BEGIN THE DATA

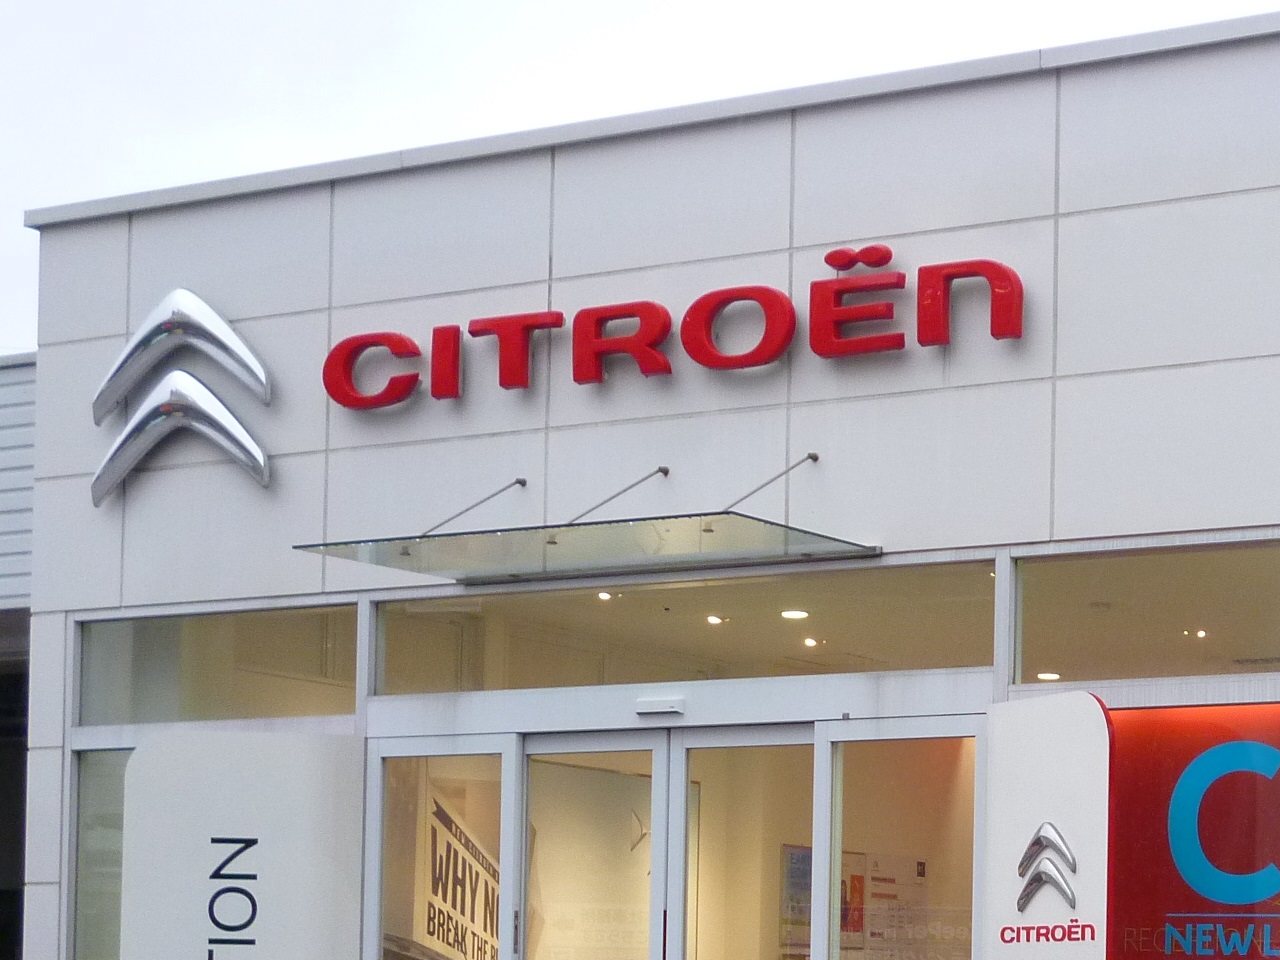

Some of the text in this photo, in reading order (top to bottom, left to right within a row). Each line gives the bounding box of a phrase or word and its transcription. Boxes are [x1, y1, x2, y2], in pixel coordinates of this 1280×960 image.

[430, 824, 480, 924] WHY
[427, 900, 469, 957] BREAK
[1164, 923, 1254, 956] NEW
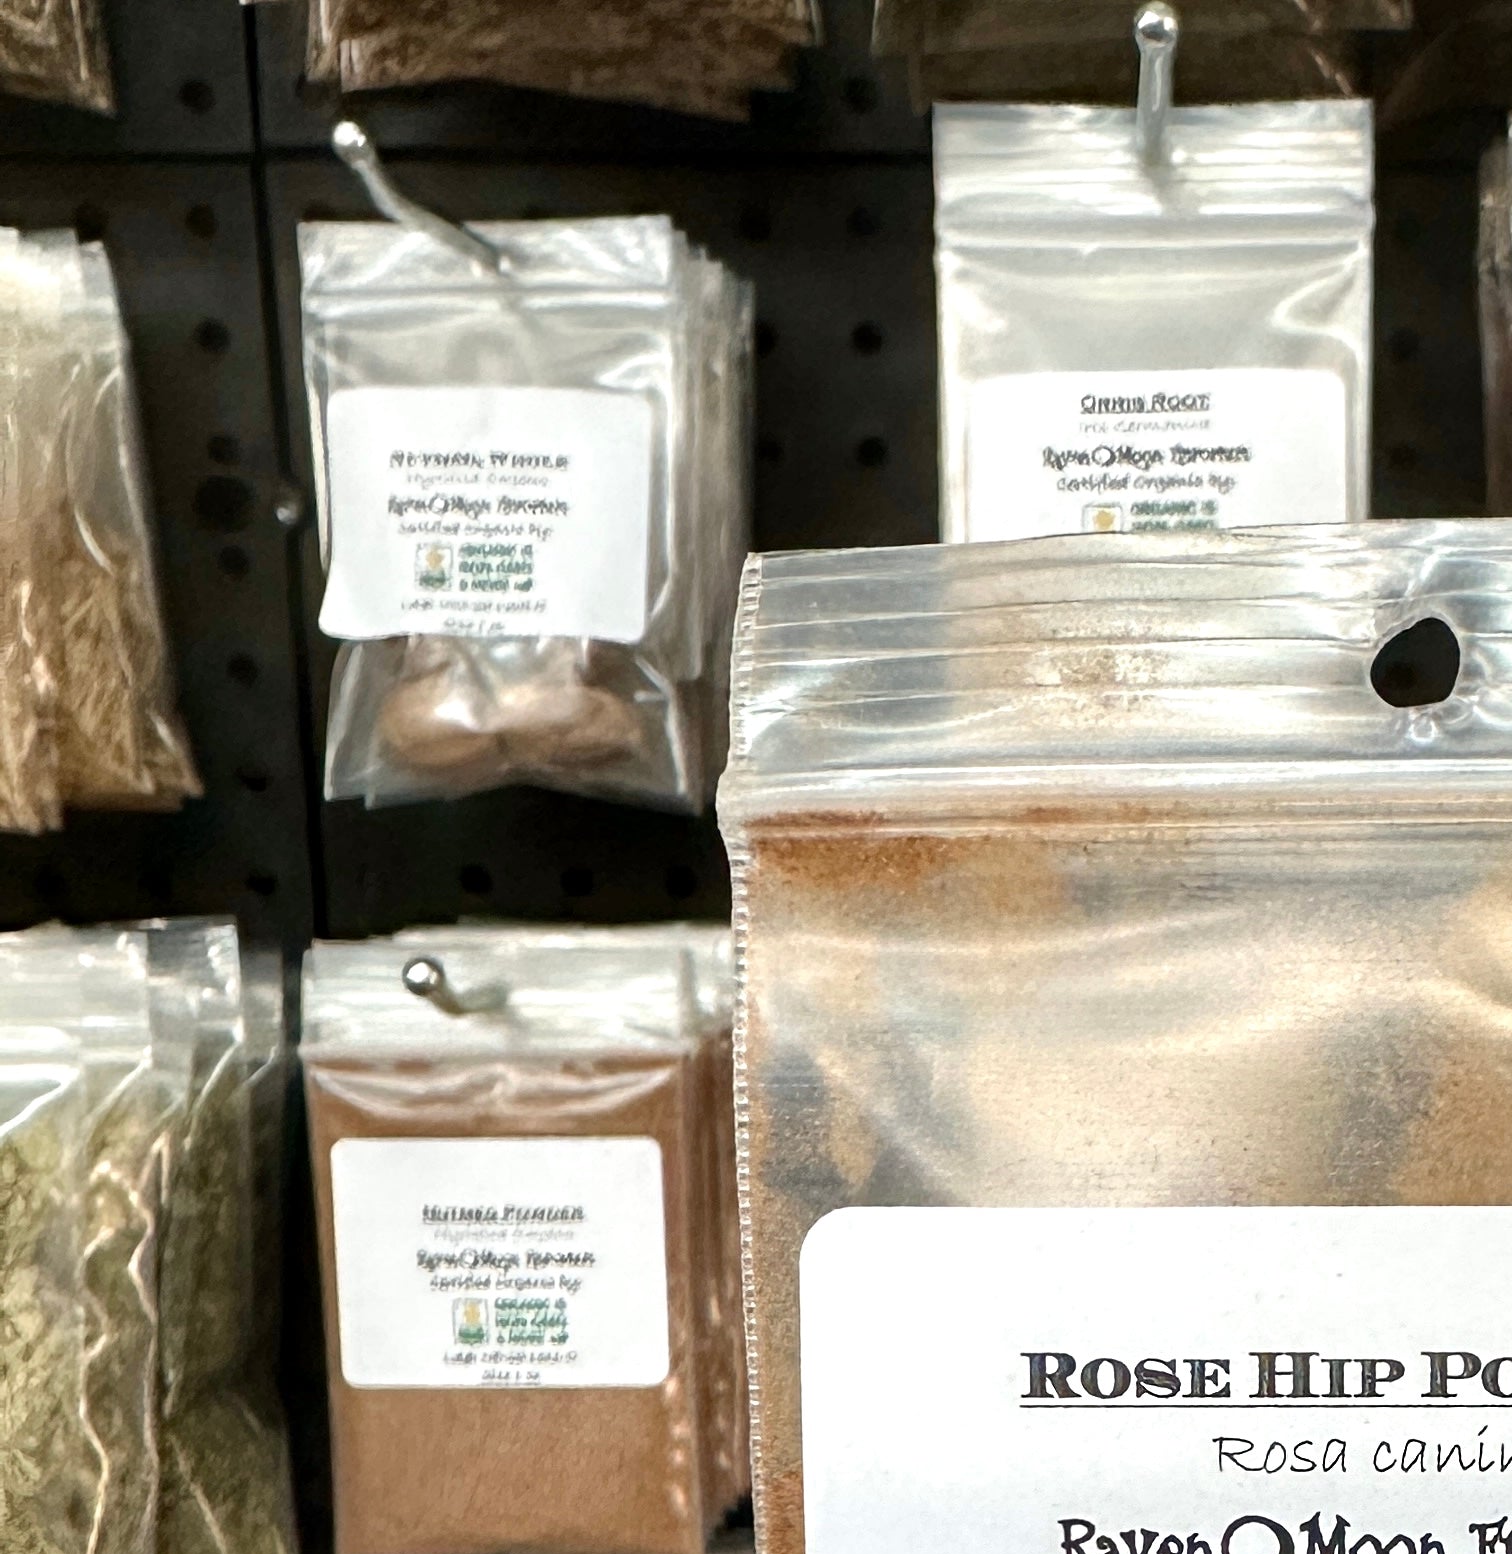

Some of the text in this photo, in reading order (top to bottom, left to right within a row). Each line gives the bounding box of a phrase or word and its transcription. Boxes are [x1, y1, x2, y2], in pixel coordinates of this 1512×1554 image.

[1021, 1352, 1230, 1399] ROSE
[1249, 1351, 1405, 1399] HIP
[1213, 1437, 1346, 1475] Rosa

END THE DATA

- ASSIGNMENT -
An exact copy of all the entries above is required, with every picture left out.

- EXERCISE RESPONSE -
Some of the text in this photo, in reading order (top to bottom, left to right within a row). Each line gives the bounding box of a phrase or word and its transcription. Boxes are [x1, y1, x2, y2], in pixel coordinates of this 1280×960 image.

[430, 824, 480, 924] WHY
[427, 900, 469, 957] BREAK
[1164, 923, 1254, 956] NEW

Some of the text in this photo, in reading order (top to bottom, left to right within a row). Each line gives the bounding box of a phrase or word and its transcription. Boxes are [x1, y1, x2, y2], in pixel coordinates of this 1512×1554 image.

[1021, 1352, 1230, 1399] ROSE
[1249, 1351, 1405, 1399] HIP
[1213, 1437, 1346, 1475] Rosa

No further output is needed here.